• Raw data:
┌────────

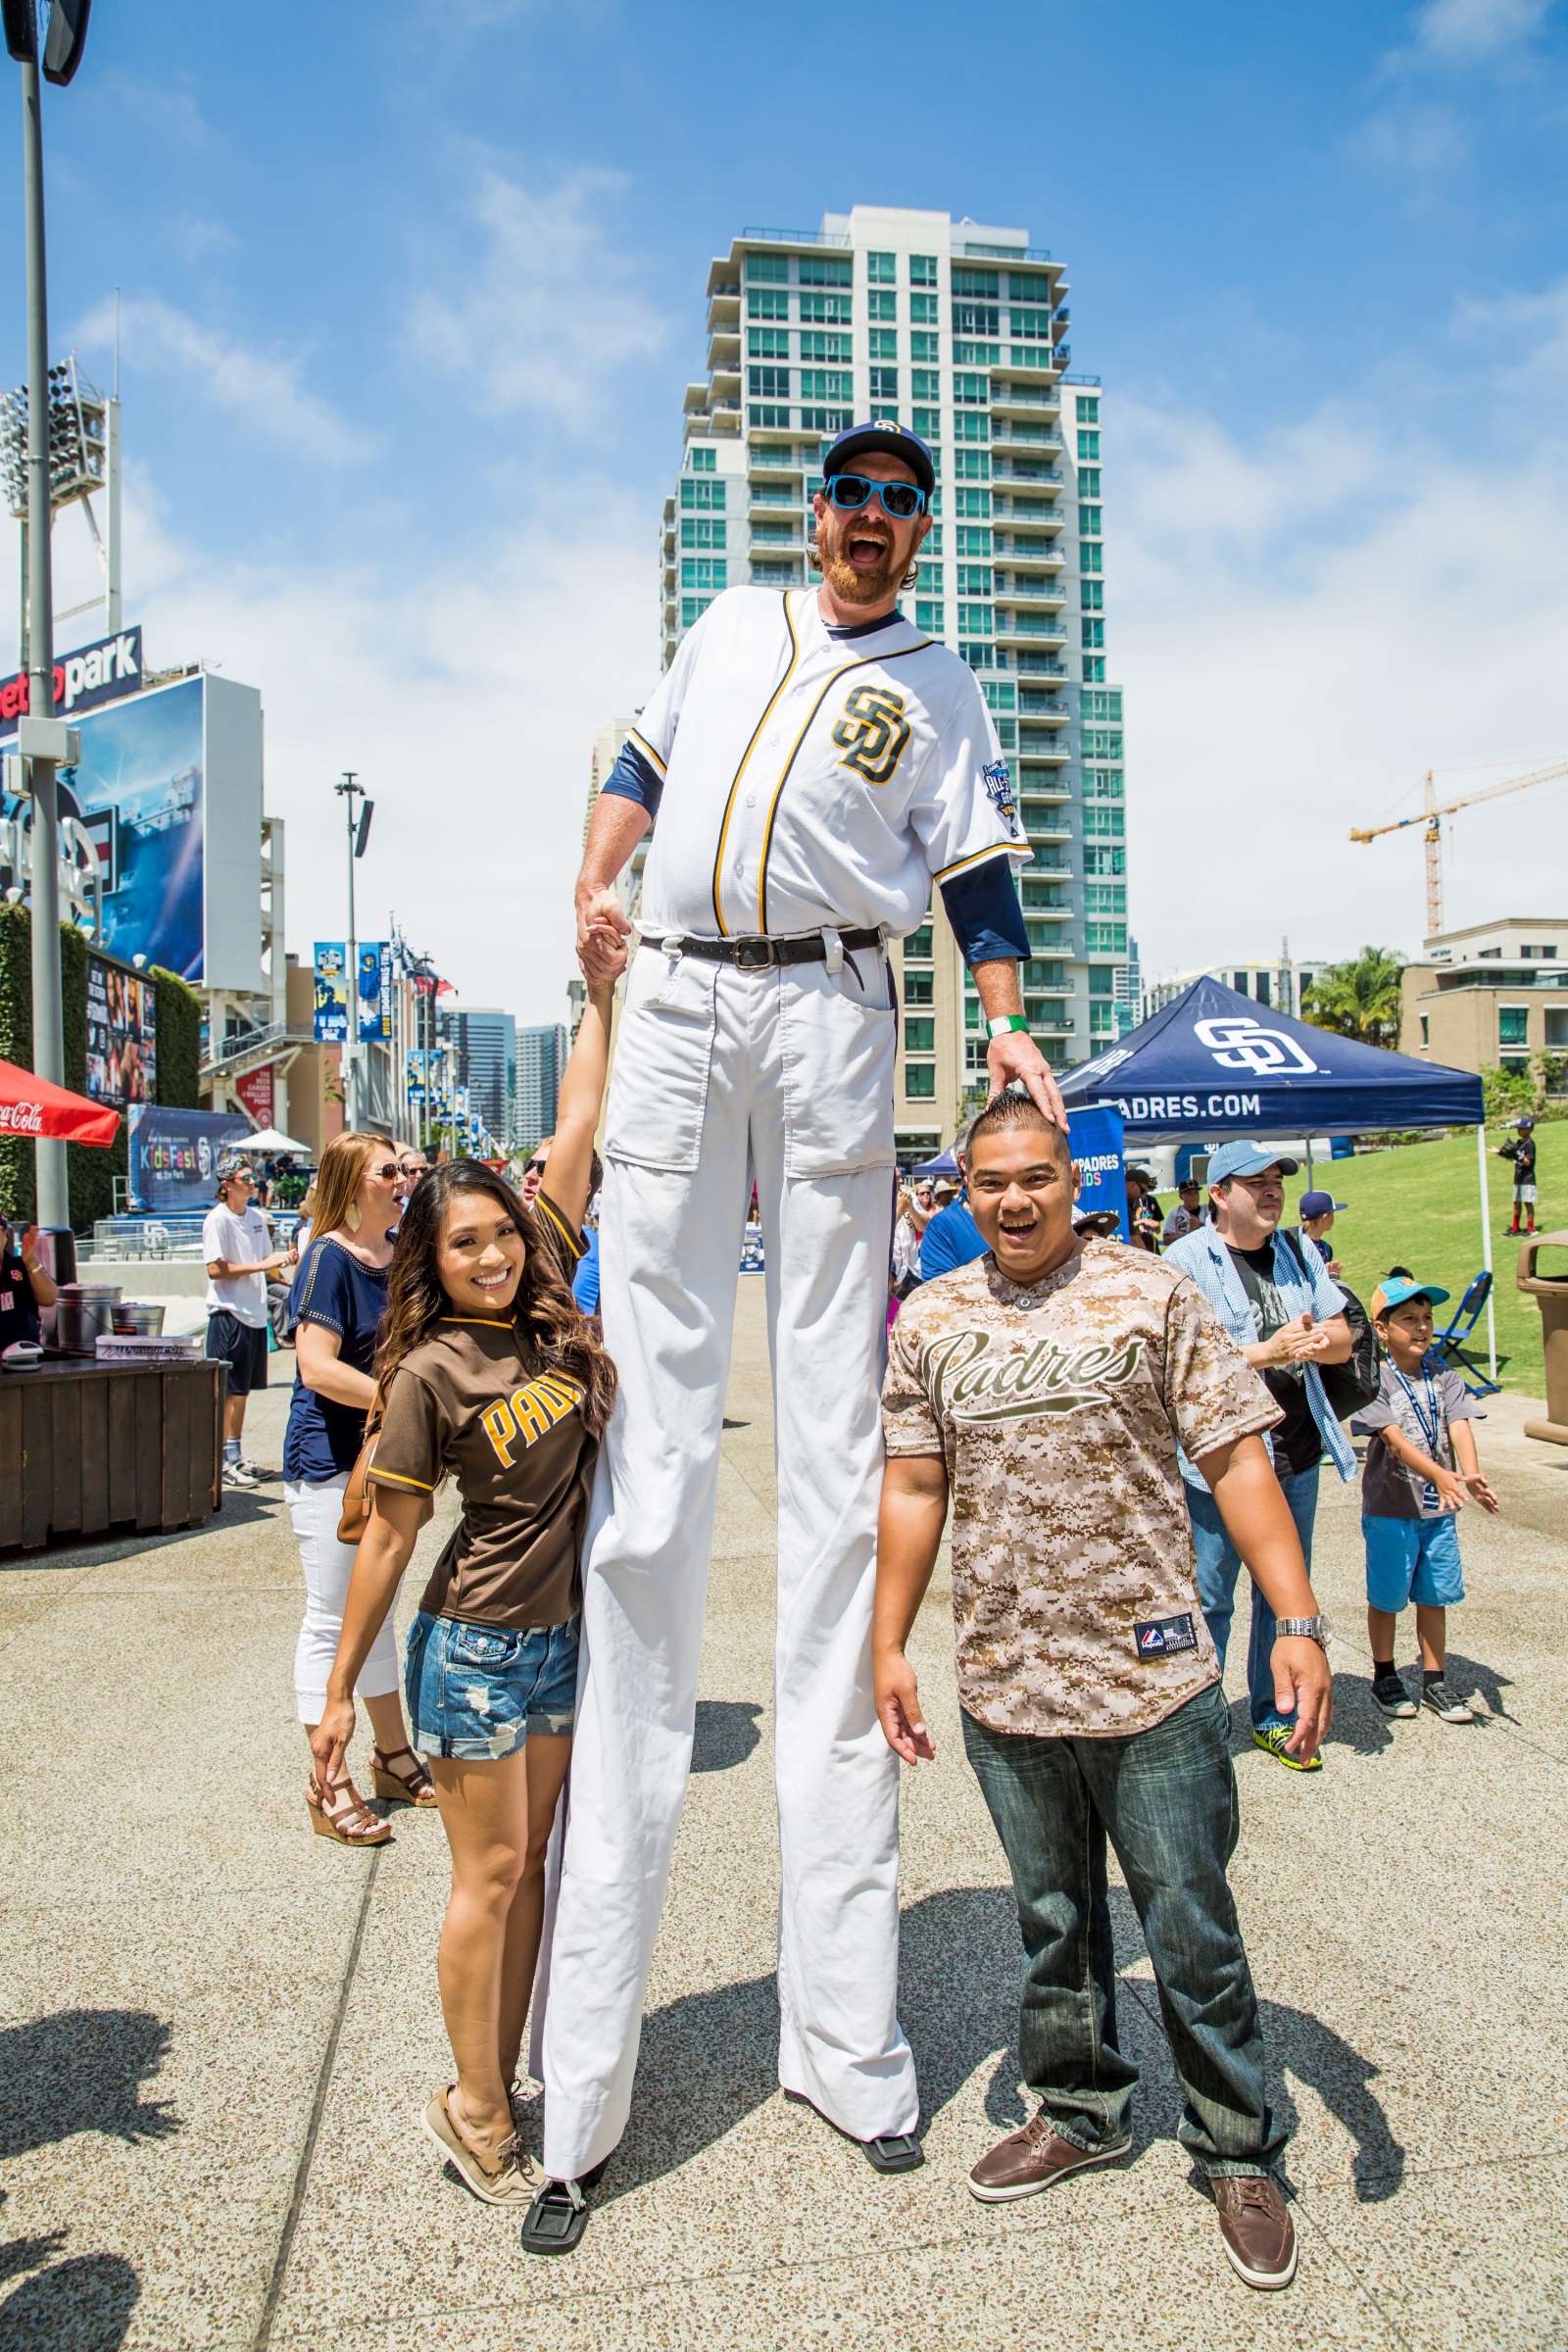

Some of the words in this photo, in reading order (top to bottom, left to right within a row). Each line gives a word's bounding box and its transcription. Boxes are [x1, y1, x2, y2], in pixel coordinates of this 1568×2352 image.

[65, 635, 138, 709] park
[831, 682, 912, 785] SD
[1193, 1017, 1318, 1076] SD
[140, 1145, 196, 1169] KidsFest
[921, 1326, 1147, 1421] Padres
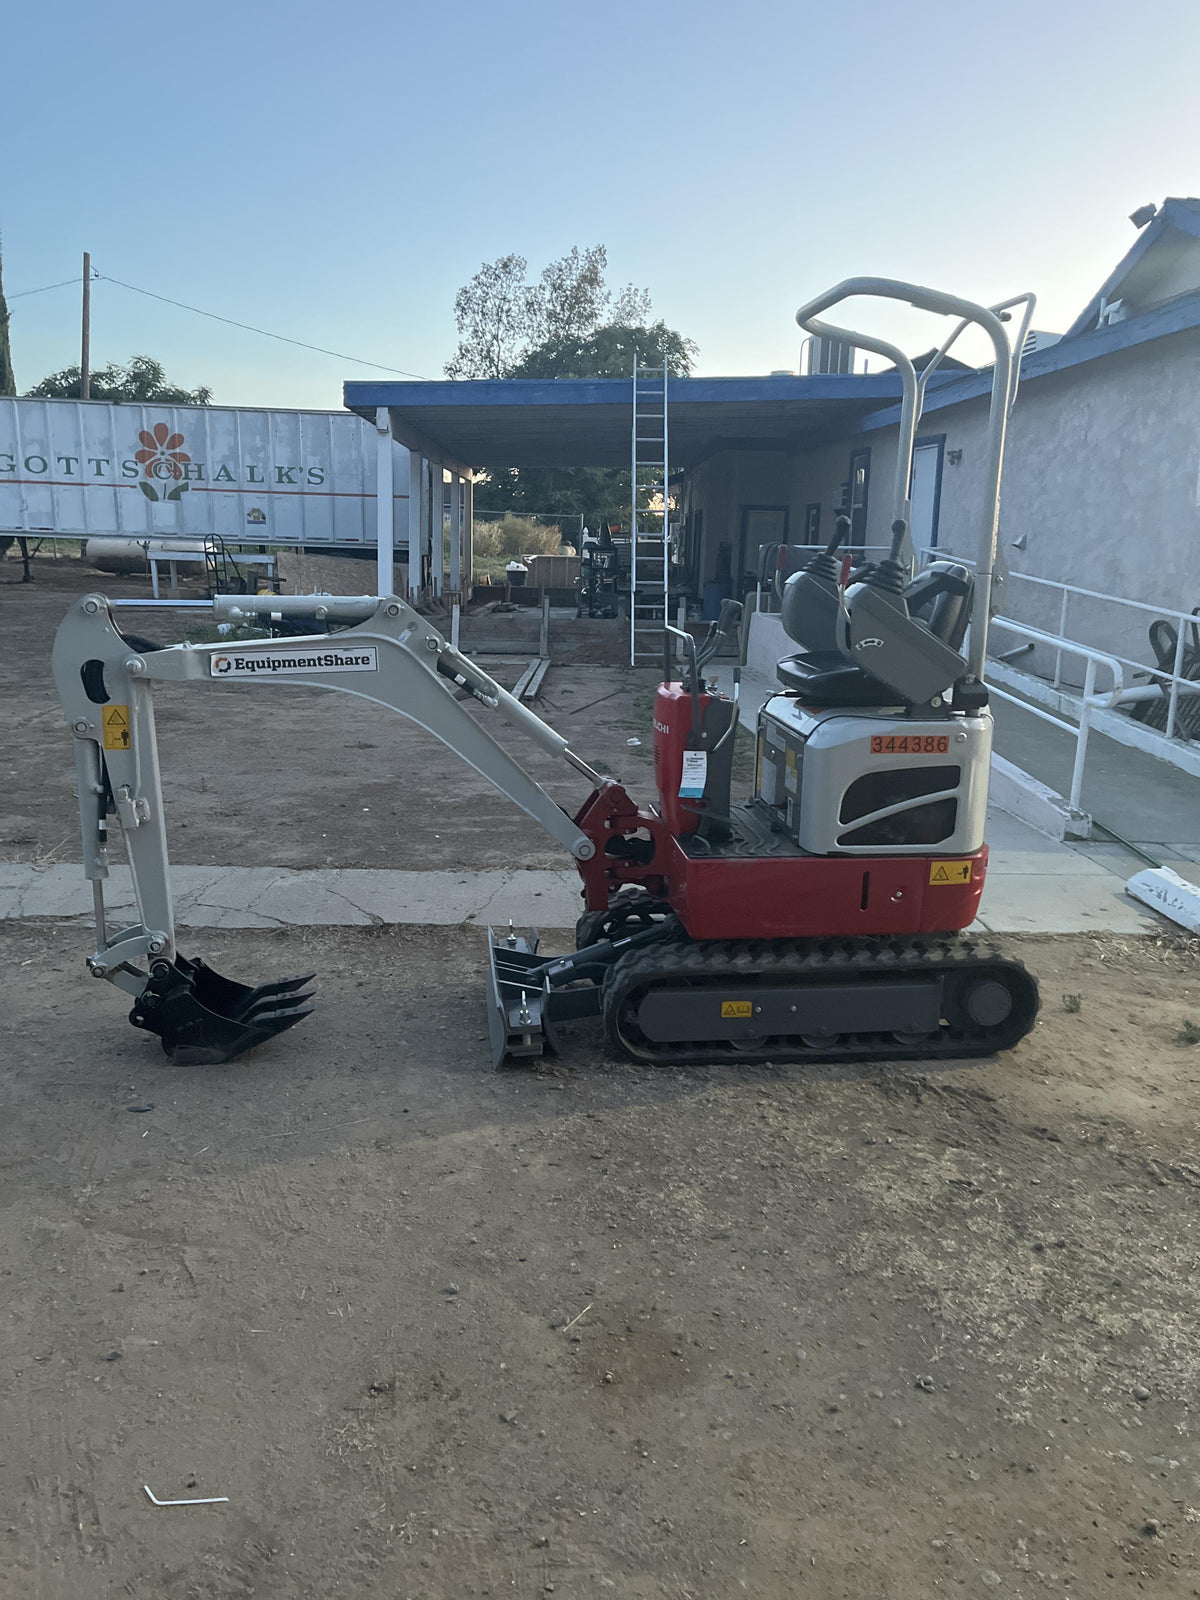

└────────

• Exercise goal:
With the pictures removed, copy the data above word for word.

• Output of the task:
Some of the words in this photo, in reading order (top to bottom, left to right within a row). Each line gives a word's bounding box and its transcription. Boxes are [x1, y1, x2, y2], in pixel coordinates of this 1568×2352 image.

[65, 635, 138, 709] park
[831, 682, 912, 785] SD
[1193, 1017, 1318, 1076] SD
[140, 1145, 196, 1169] KidsFest
[921, 1326, 1147, 1421] Padres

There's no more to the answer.